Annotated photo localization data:
= = = =
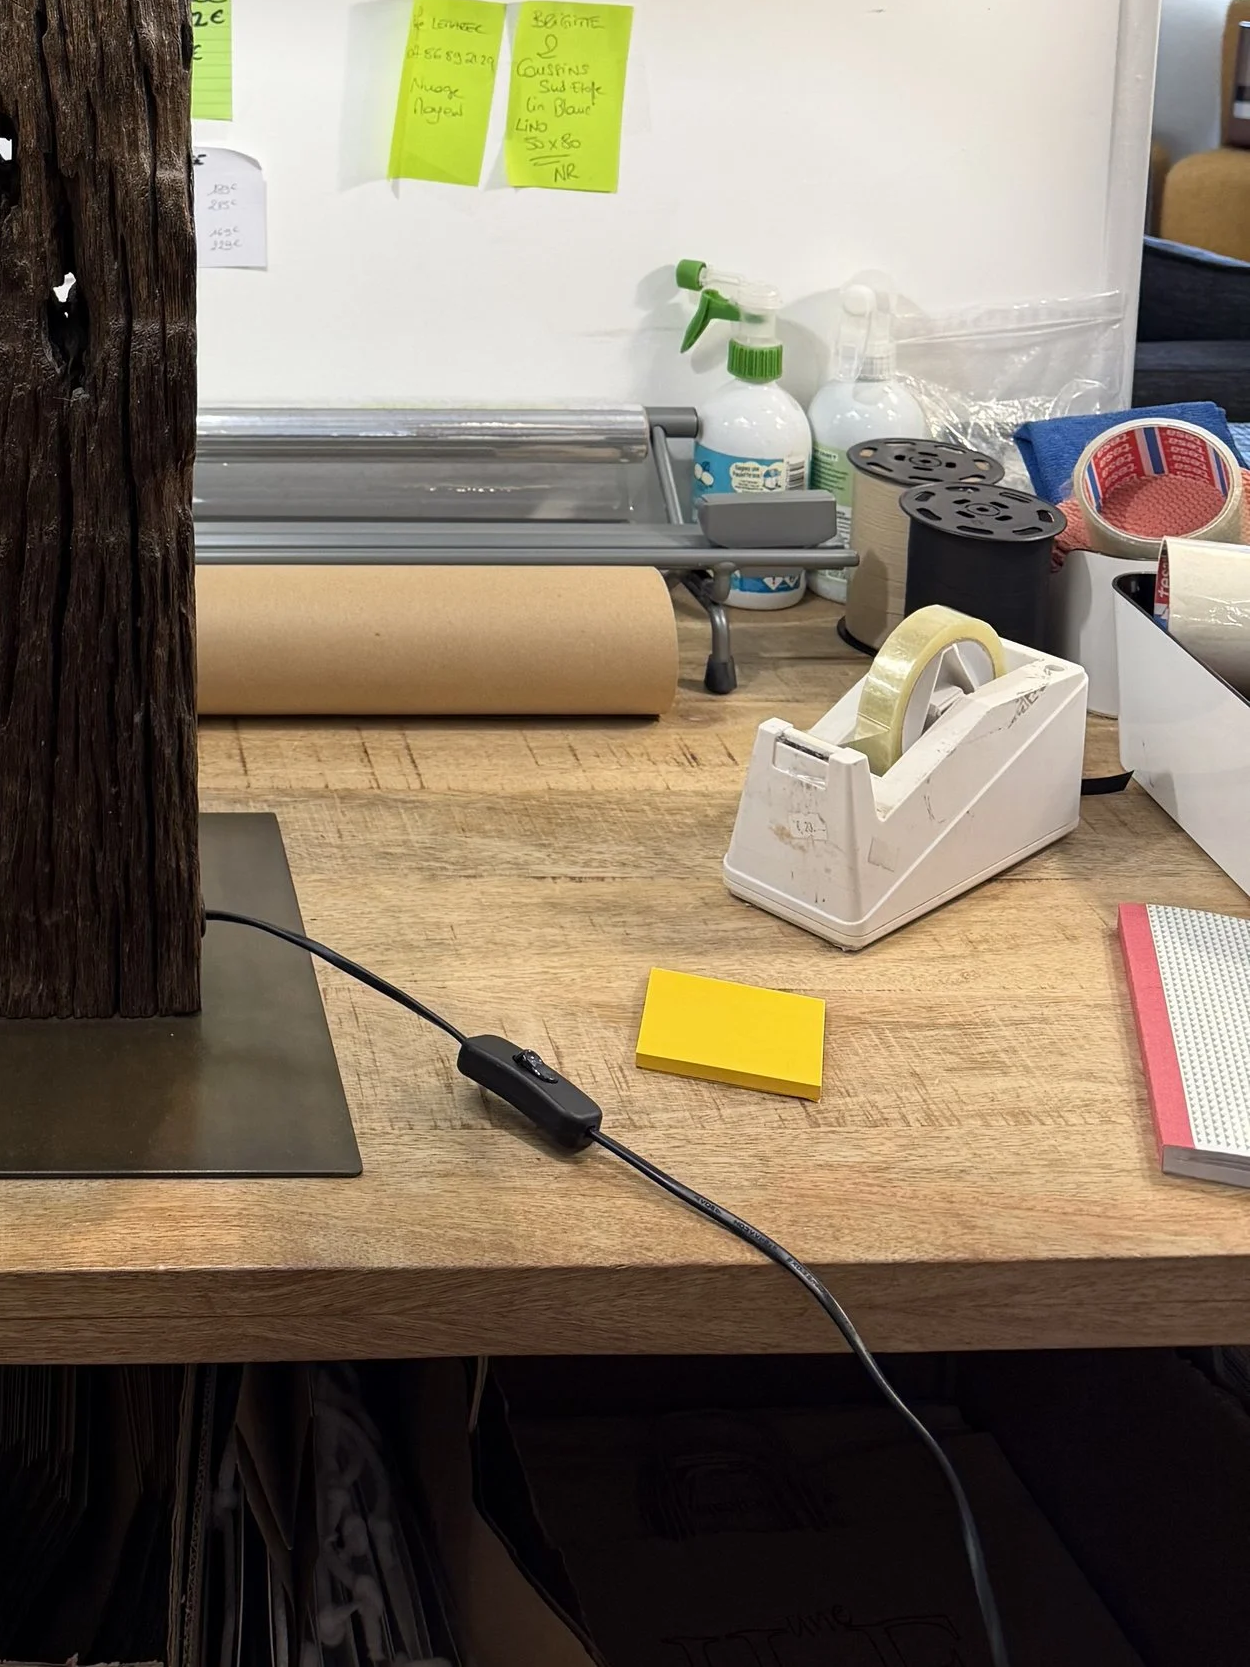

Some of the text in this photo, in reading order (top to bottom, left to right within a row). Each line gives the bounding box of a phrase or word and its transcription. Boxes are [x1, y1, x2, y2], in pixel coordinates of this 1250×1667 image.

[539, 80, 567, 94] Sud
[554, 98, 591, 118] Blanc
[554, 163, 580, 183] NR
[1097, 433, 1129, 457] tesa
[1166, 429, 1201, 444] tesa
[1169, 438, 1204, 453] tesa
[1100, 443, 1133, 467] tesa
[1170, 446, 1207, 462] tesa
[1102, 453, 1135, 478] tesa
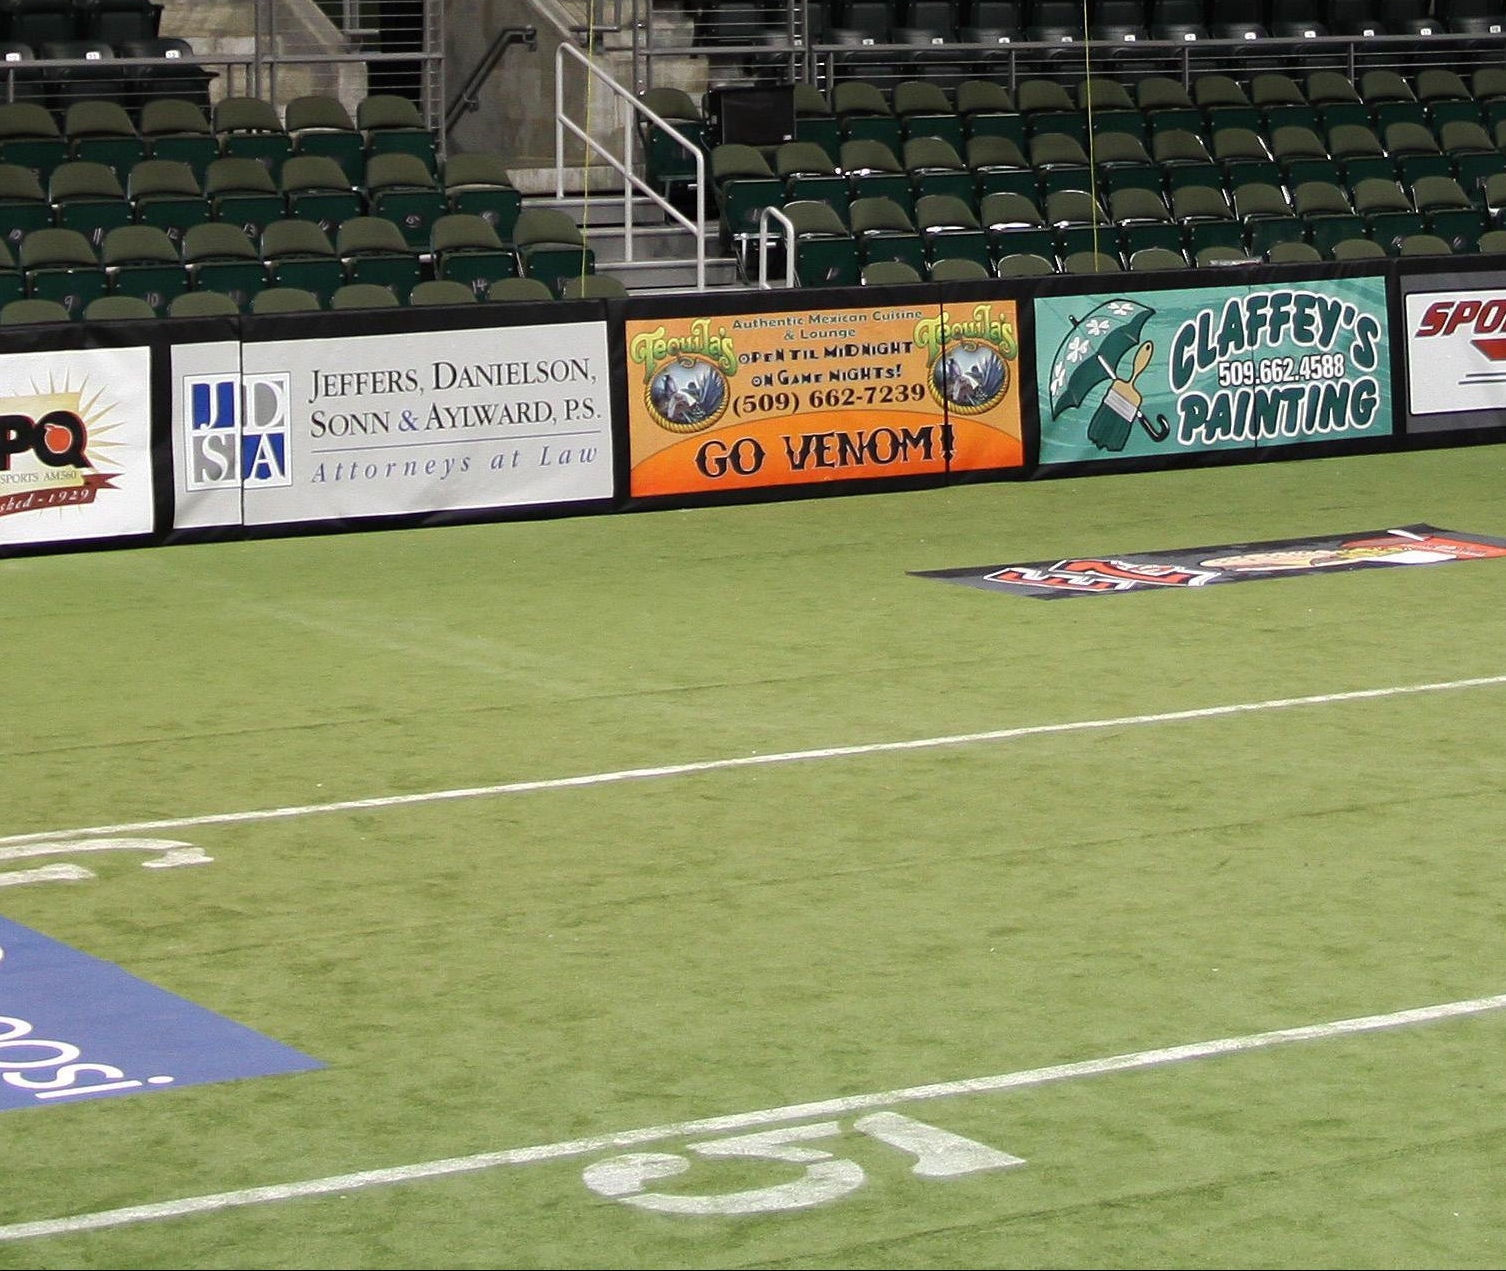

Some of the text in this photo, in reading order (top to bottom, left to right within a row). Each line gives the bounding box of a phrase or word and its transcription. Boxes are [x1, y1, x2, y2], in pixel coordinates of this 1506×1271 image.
= = = =
WHAT YOU SHOULD DO:
Repeat the preceding records precisely, and leave every picture out of the copy.

SOLUTION FOR THIS TASK:
Some of the text in this photo, in reading order (top to bottom, left to right within a row). Each line gives the bounding box of a phrase or word and its transcription. Boxes are [x1, y1, x2, y2], in pixel coordinates of this 1250×1667 image.

[539, 80, 567, 94] Sud
[554, 98, 591, 118] Blanc
[554, 163, 580, 183] NR
[1097, 433, 1129, 457] tesa
[1166, 429, 1201, 444] tesa
[1169, 438, 1204, 453] tesa
[1100, 443, 1133, 467] tesa
[1170, 446, 1207, 462] tesa
[1102, 453, 1135, 478] tesa

Some of the text in this photo, in reading order (top to bottom, left to right within a row). Each line gives the bounding box of a phrase or word and its transcription. Boxes are [x1, y1, x2, y2], in pixel coordinates of this 1506×1271 image.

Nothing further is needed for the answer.